§ What to work on: Reproduce verbatim all of the data given below, but do not carry over the images.

§ Raw data:
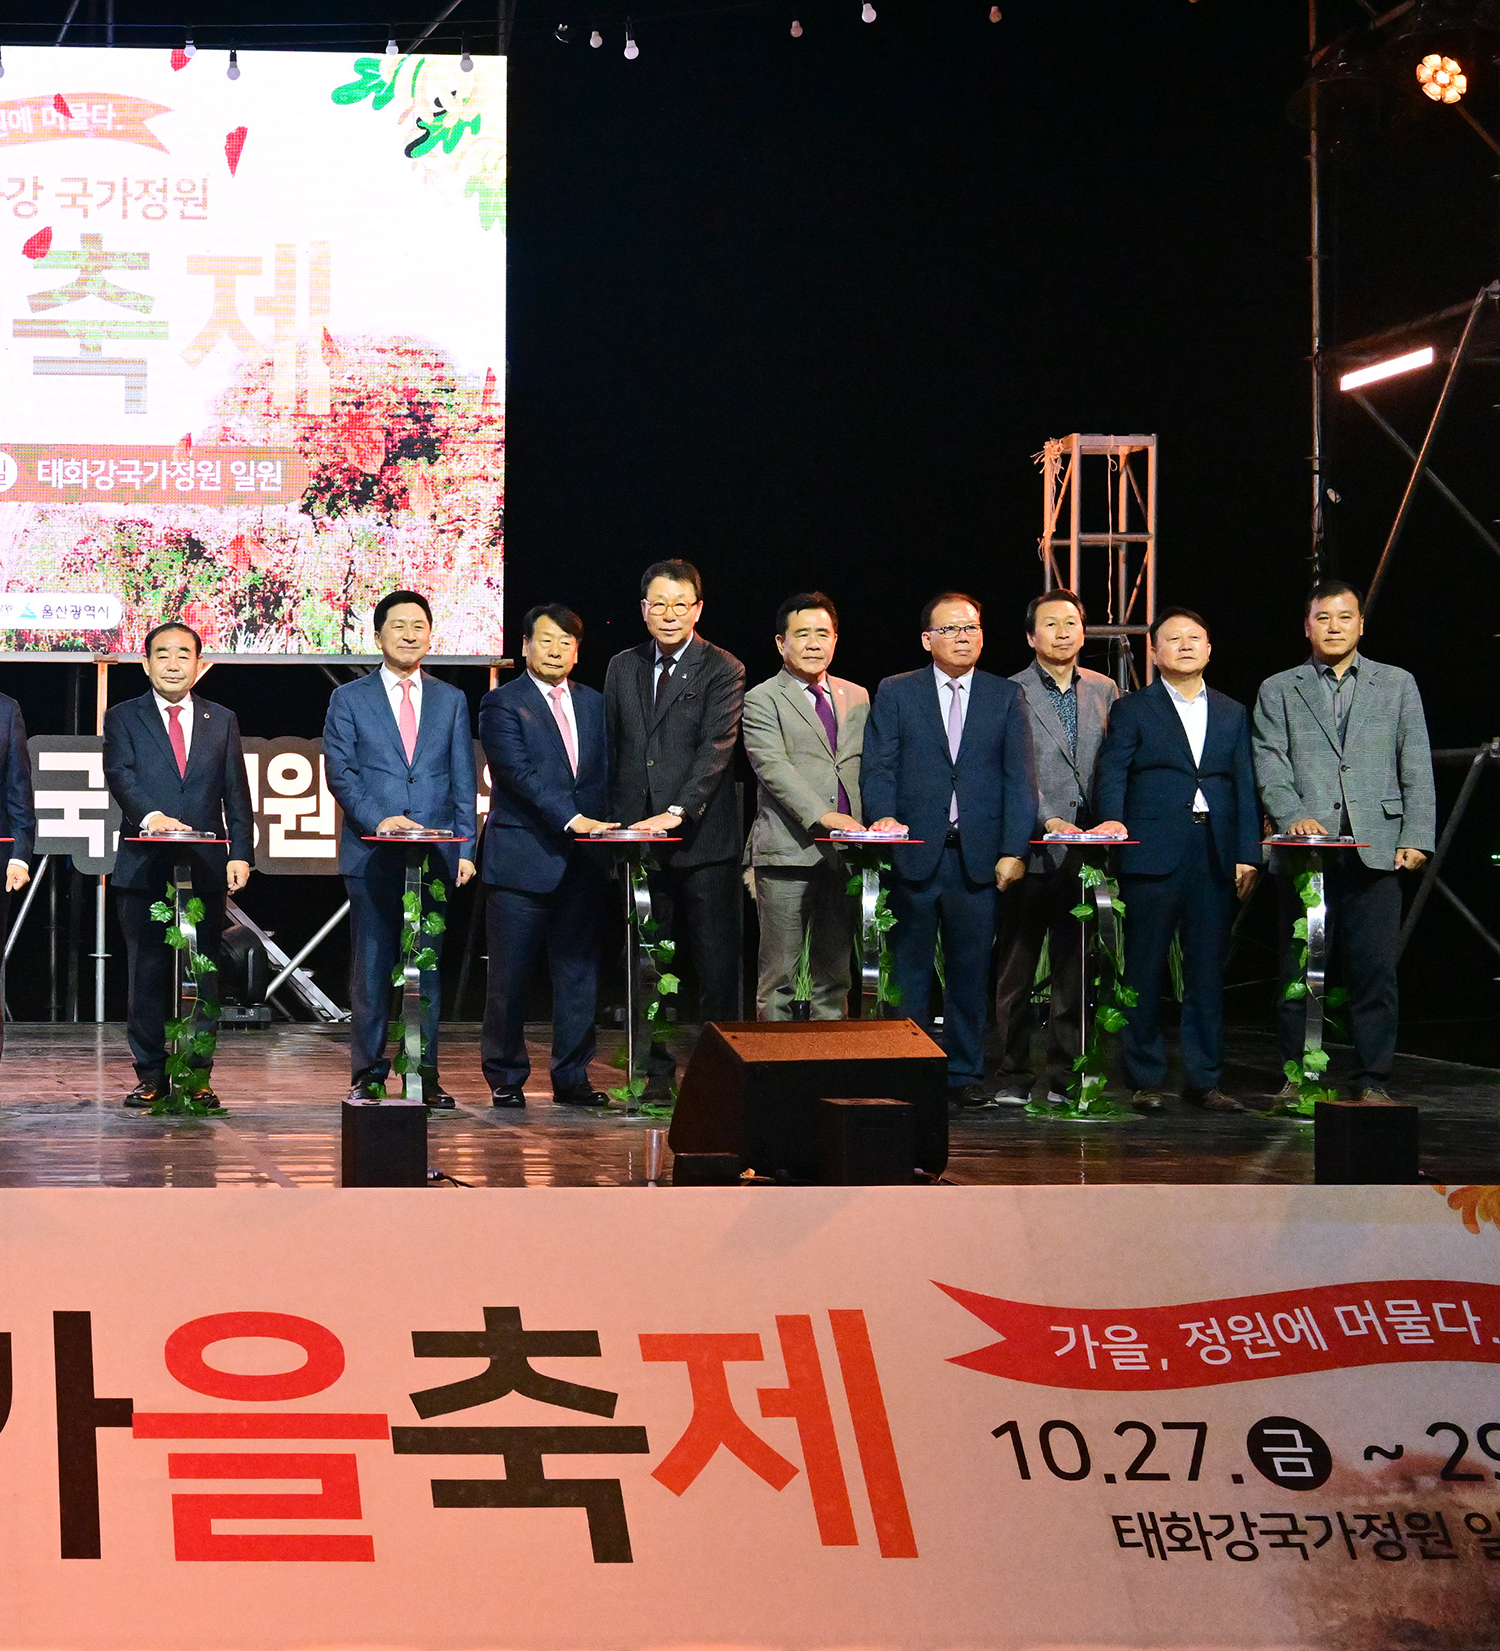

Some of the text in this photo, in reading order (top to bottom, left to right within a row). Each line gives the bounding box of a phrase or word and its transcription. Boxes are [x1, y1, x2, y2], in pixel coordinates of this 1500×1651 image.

[55, 176, 209, 221] 국가정원
[36, 458, 221, 492] 태화강국가정원
[230, 460, 283, 492] 일원
[41, 604, 110, 620] 울산광역시
[1049, 1323, 1169, 1371] 가을,
[1179, 1306, 1324, 1365] 정원에
[1111, 1510, 1459, 1562] 태화강국가정원

§ Final answer:
Some of the text in this photo, in reading order (top to bottom, left to right within a row). Each line gives the bounding box of a phrase or word and its transcription. Boxes are [x1, y1, x2, y2], in pixel coordinates of this 1500×1651 image.

[55, 176, 209, 221] 국가정원
[36, 458, 221, 492] 태화강국가정원
[230, 460, 283, 492] 일원
[41, 604, 110, 620] 울산광역시
[1049, 1323, 1169, 1371] 가을,
[1179, 1306, 1324, 1365] 정원에
[1111, 1510, 1459, 1562] 태화강국가정원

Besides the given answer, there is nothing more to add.